Niching can be one of the most challenging things for a new business to do. The fear of saying no to an opportunity, even a wrong one, runs rampant for many solopreneurs, micro-businesses and small businesses.
When you’re still struggling with it, the idea of niching yourself down, sounds like you’re purposely turning away money. Well, yes, you sort of are. But those of you with a clear product niche know from experience that it can actually increase your business and profitability.
An important thing to remember is that if you’re taking the time and effort to create new content, you need to remember it’s a long-game to driving engagement for your brand. It’s advertising, only instead of a digital ad, it’s your point of view or thought leadership. Use it wisely. If you jump from cars to flowers to skydiving, you will not be properly advertising your expertise. Realize that every article won’t be read by your potential customer. So, you need to stay on point for how you want to serve those customers because at some point, they will find you and you don’t want to be caught off-target on your messaging.
How to Niche Your Content Marketing
Assuming you’ve already accepted you can’t be everything to everyone, let’s discuss how to niche your content marketing strategy. It can be challenging to find new ways to talk about some of the same things. This is where the opportunity lies for you to eat an elephant by breaking down the things you take for granted.
Even one solution can have multiple facets problems that your products and services solve. Think about the questions people ask you about your field. What are the problems you are asked again and again?
Dan Miller of 48 Days has a motto that if he’s asked the same question three times, he knows he needs to create a product. You should adopt something similar about your content marketing. If you’re asked the same question three times, it needs to be an article, email or social post.
How to change your brand voice based on marketing channel
Think of your elevator pitch. You often need to change up a few components of your elevator pitch based on the audience you’re speaking to. You might simplify some of the verbiage if it’s a broad audience, or you may use very industry specific language if it’s an audience of your peers.
Your content marketing is going to be similar, but with various language, design and tone based on who it’s going out to and where.

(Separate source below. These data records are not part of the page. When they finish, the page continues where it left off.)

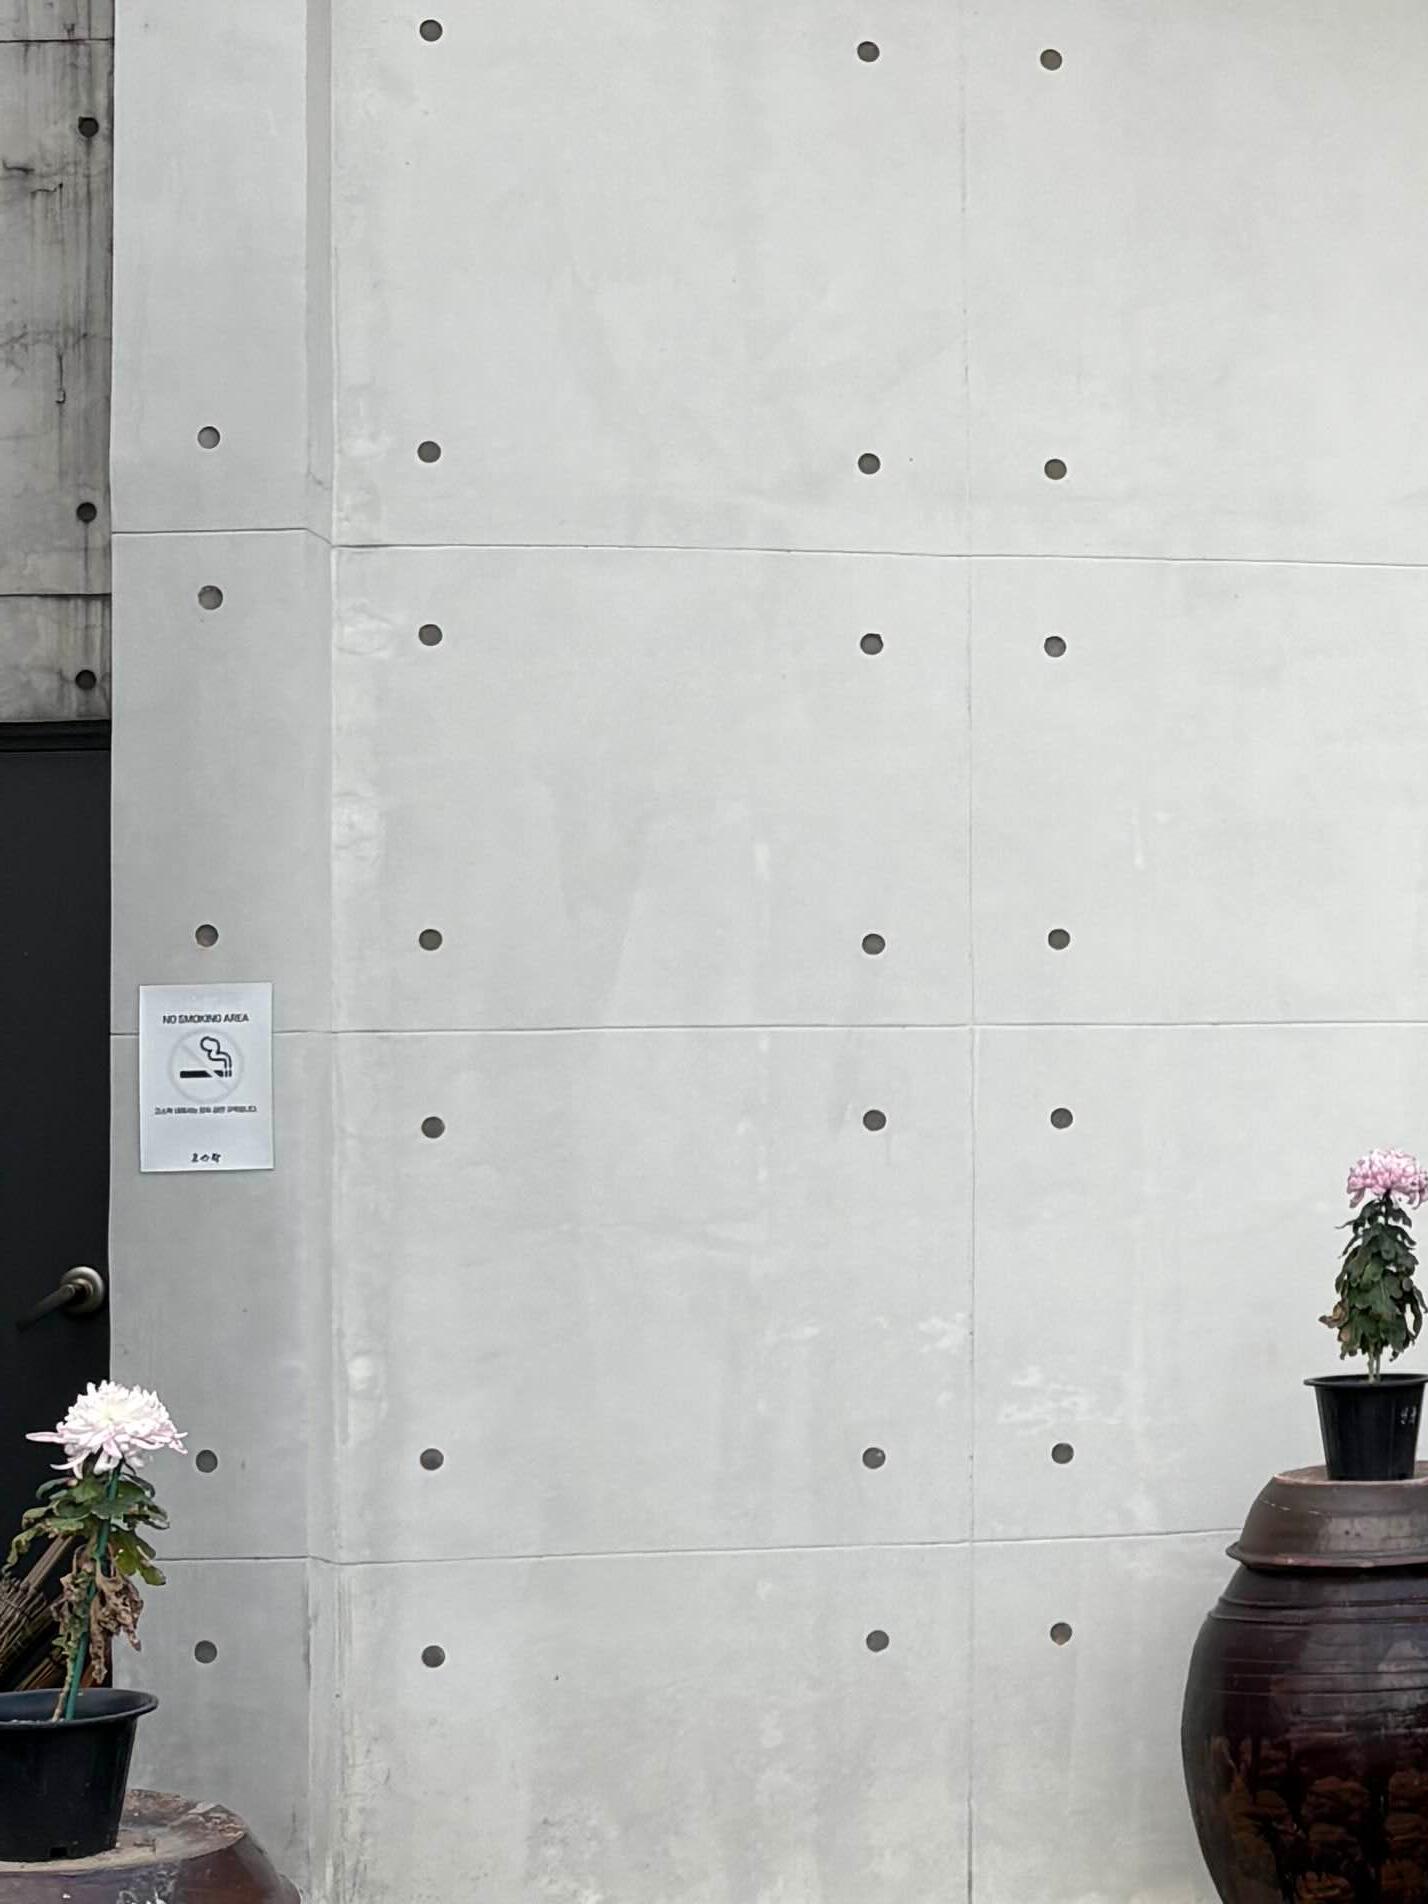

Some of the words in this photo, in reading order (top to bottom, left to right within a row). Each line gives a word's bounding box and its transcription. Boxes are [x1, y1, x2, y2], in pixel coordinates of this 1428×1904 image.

[162, 1014, 177, 1025] NO
[178, 1013, 222, 1024] SMOKING
[223, 1013, 250, 1023] AREA
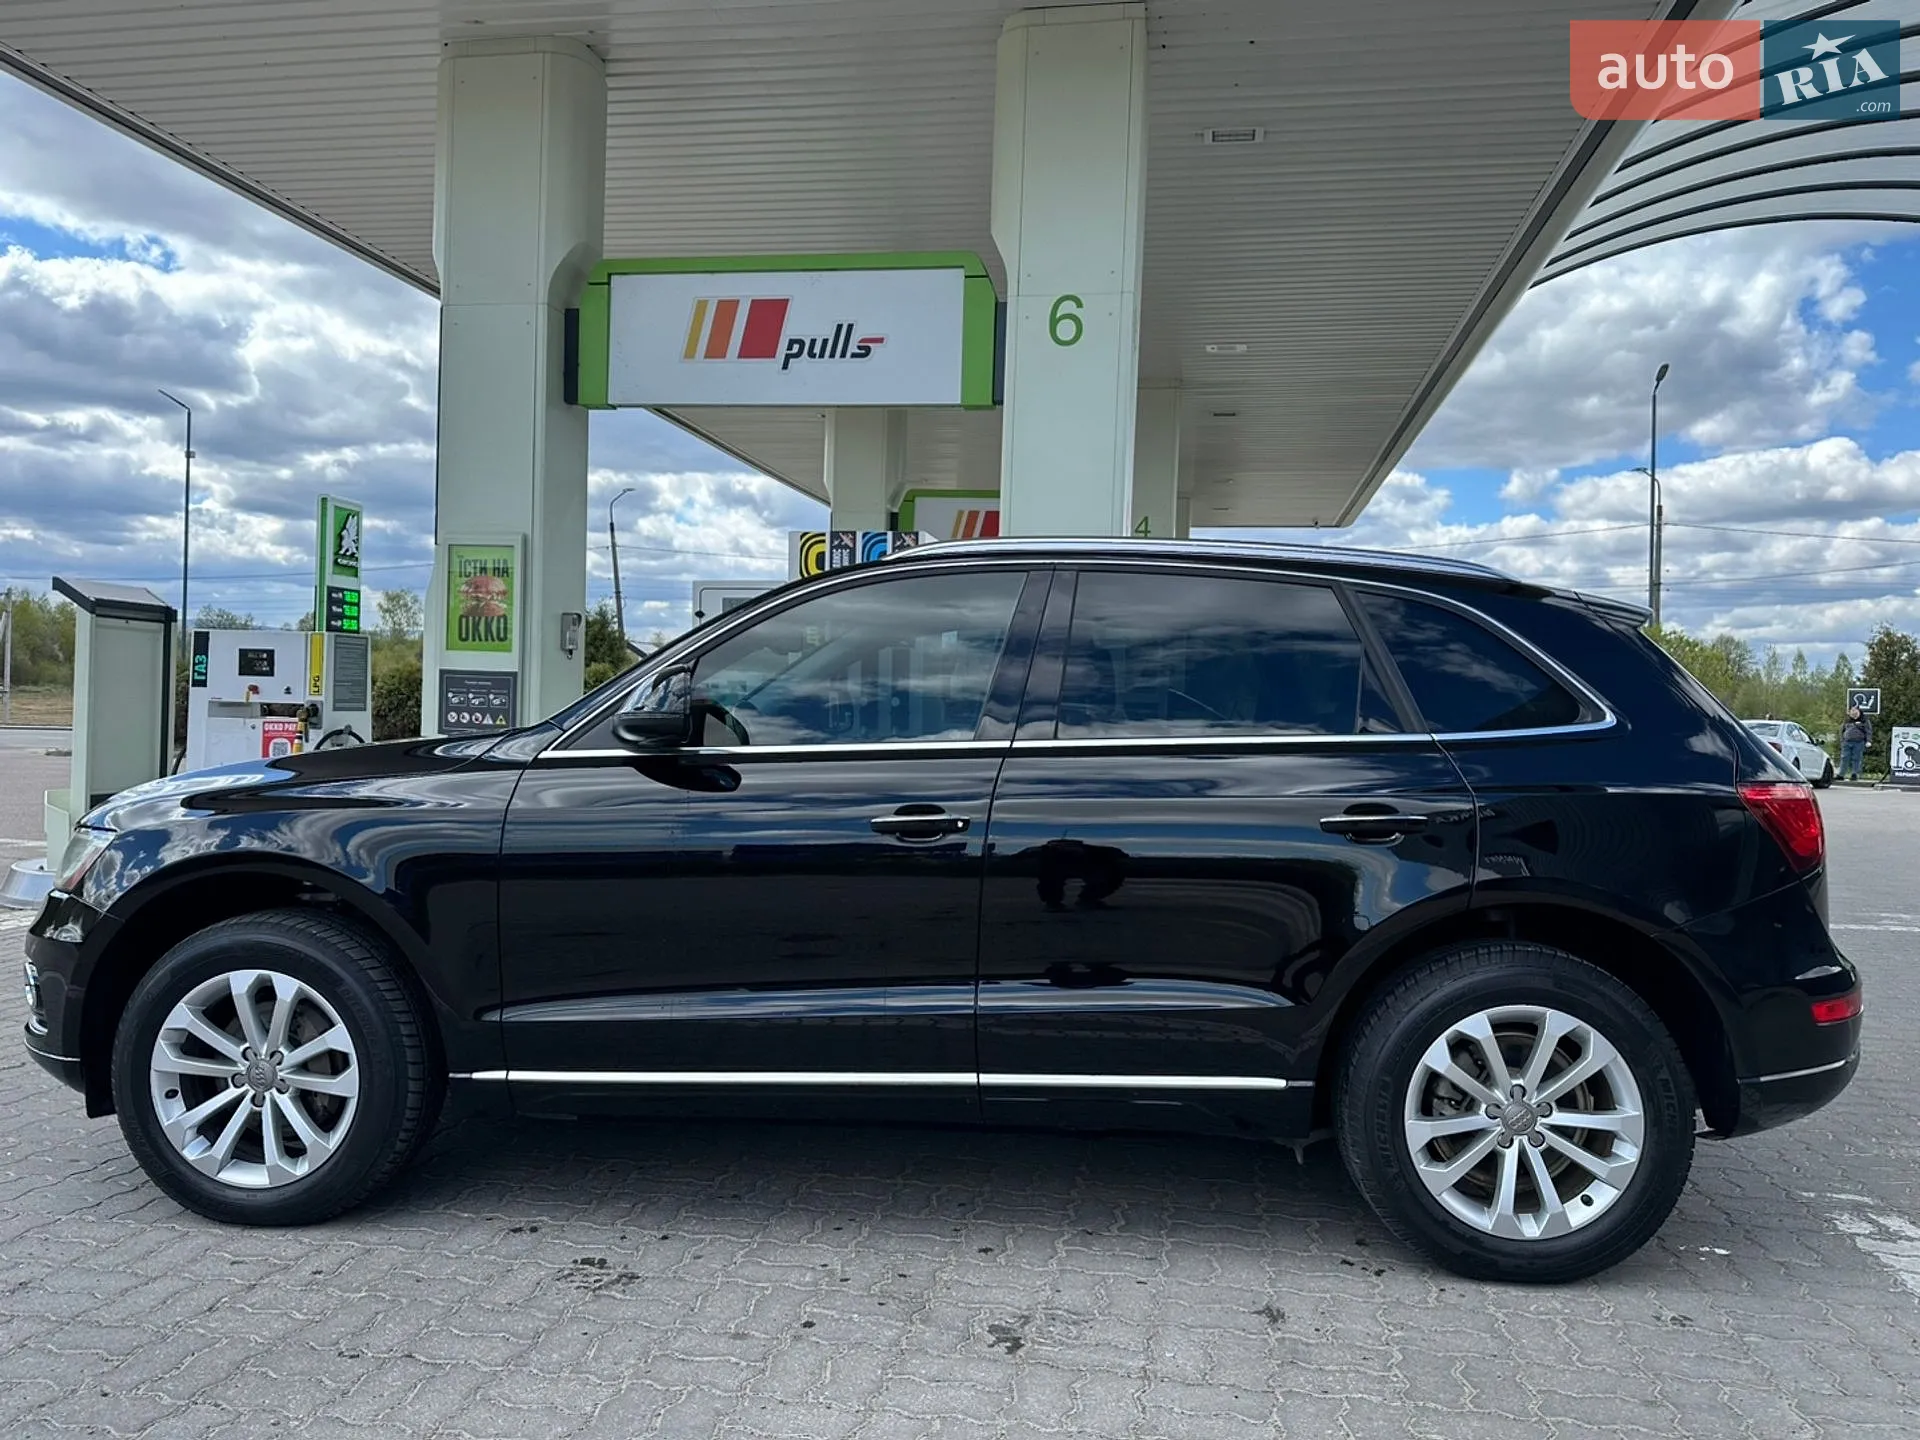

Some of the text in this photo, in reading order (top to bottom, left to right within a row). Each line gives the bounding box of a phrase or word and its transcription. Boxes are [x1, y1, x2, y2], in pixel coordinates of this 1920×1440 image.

[1049, 294, 1084, 347] 6
[781, 323, 886, 370] pulls
[1134, 516, 1151, 538] 4
[492, 559, 510, 577] НА
[194, 654, 206, 680] ГАЗ
[312, 675, 320, 693] LPG
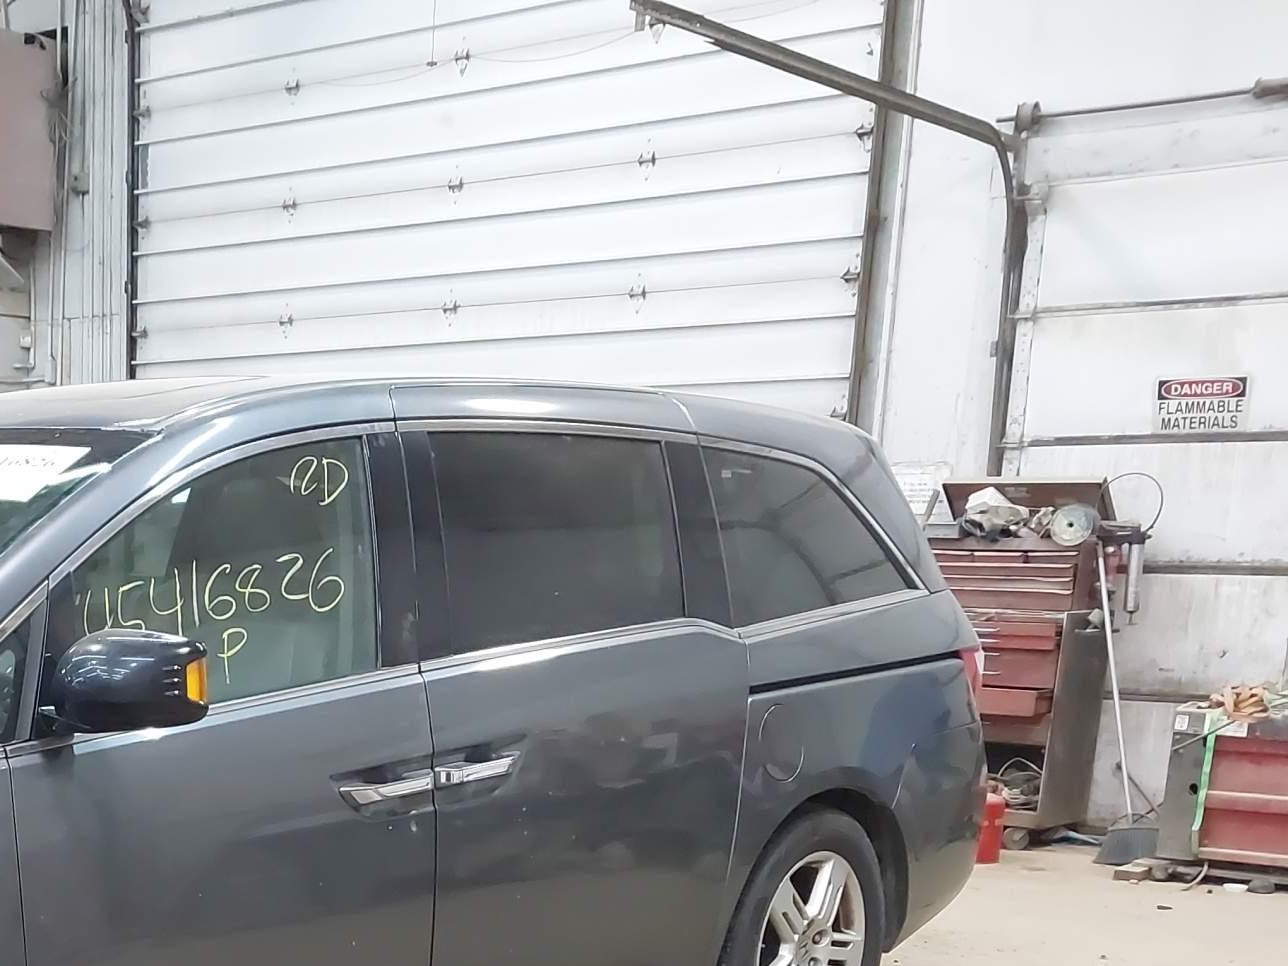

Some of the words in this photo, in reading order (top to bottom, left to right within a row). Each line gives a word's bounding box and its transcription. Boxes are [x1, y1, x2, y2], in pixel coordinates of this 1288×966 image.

Consider how you communicate with someone in your personal life. You write a letter more formal, you write an email a little bit loose, you text very loose. You could convey the same thing across each approach, but how you do it will vary.
Do you notice how people on Twitter and Facebook tend to argue where as people on Linkedin tend to encourage? Users on Instagram gawk, praise or spam.
Your audience is out there but just like Linkedin connections don’t want to see political posts or cat memes because there’s a sense of it being “in the workplace”, Facebook users don’t necessarily respond well to industry jargon and a virtual high-five for your business reaching $50M in revenue.
How to find your voice in social media channels
• Linkedin is like talking to your boss or co-worker.
• Twitter is how you would talk if you were at a crowded bar.
• Facebook is how you would talk at a party with friends and strangers.
• Instagram is how you would talk if you knew your ex was within listening range.
• Pinterest is kinda how you hang pictures of your kids artwork on the refrigerator.
• Email marketing is how you should talk to a client you know needs your help.
Why you should have a content marketing strategy
Developing a content marketing strategy as part of your website sales strategy can be fun if you look at it as an opportunity to help others. Sure, you want sales or leads, but before you can sell to someone, you need to help them and your content marketing is one of the best ways to serve the masses before you focus on the individuals.